TASK BRIEF: An exact copy of every record is the required answer.

──────── AVAILABLE DATA

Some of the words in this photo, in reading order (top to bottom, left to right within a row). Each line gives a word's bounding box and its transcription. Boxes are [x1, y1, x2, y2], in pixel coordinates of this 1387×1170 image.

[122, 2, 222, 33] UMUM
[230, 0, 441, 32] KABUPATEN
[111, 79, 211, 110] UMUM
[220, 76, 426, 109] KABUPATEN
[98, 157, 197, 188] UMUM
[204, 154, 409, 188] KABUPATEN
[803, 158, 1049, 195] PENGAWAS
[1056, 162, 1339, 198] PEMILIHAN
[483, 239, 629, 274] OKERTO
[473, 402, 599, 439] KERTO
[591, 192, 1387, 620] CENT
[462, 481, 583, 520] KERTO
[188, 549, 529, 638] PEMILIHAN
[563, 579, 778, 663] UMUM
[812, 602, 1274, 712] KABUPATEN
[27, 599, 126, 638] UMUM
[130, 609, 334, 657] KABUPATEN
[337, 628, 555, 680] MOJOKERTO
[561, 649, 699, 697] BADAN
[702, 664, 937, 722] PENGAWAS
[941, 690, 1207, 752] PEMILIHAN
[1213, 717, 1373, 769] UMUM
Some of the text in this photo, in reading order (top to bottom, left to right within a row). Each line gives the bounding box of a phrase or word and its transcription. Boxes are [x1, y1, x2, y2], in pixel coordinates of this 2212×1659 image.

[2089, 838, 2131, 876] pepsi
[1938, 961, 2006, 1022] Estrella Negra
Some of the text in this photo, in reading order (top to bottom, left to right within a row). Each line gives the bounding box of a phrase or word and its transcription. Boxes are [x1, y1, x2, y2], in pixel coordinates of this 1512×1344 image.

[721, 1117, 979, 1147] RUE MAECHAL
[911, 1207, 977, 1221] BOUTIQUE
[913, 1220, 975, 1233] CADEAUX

────────────────

RESPONSE TO THIS TASK:
Some of the words in this photo, in reading order (top to bottom, left to right within a row). Each line gives a word's bounding box and its transcription. Boxes are [x1, y1, x2, y2], in pixel coordinates of this 1387×1170 image.

[122, 2, 222, 33] UMUM
[230, 0, 441, 32] KABUPATEN
[111, 79, 211, 110] UMUM
[220, 76, 426, 109] KABUPATEN
[98, 157, 197, 188] UMUM
[204, 154, 409, 188] KABUPATEN
[803, 158, 1049, 195] PENGAWAS
[1056, 162, 1339, 198] PEMILIHAN
[483, 239, 629, 274] OKERTO
[473, 402, 599, 439] KERTO
[591, 192, 1387, 620] CENT
[462, 481, 583, 520] KERTO
[188, 549, 529, 638] PEMILIHAN
[563, 579, 778, 663] UMUM
[812, 602, 1274, 712] KABUPATEN
[27, 599, 126, 638] UMUM
[130, 609, 334, 657] KABUPATEN
[337, 628, 555, 680] MOJOKERTO
[561, 649, 699, 697] BADAN
[702, 664, 937, 722] PENGAWAS
[941, 690, 1207, 752] PEMILIHAN
[1213, 717, 1373, 769] UMUM
Some of the text in this photo, in reading order (top to bottom, left to right within a row). Each line gives the bounding box of a phrase or word and its transcription. Boxes are [x1, y1, x2, y2], in pixel coordinates of this 2212×1659 image.

[2089, 838, 2131, 876] pepsi
[1938, 961, 2006, 1022] Estrella Negra
Some of the text in this photo, in reading order (top to bottom, left to right within a row). Each line gives the bounding box of a phrase or word and its transcription. Boxes are [x1, y1, x2, y2], in pixel coordinates of this 1512×1344 image.

[721, 1117, 979, 1147] RUE MAECHAL
[911, 1207, 977, 1221] BOUTIQUE
[913, 1220, 975, 1233] CADEAUX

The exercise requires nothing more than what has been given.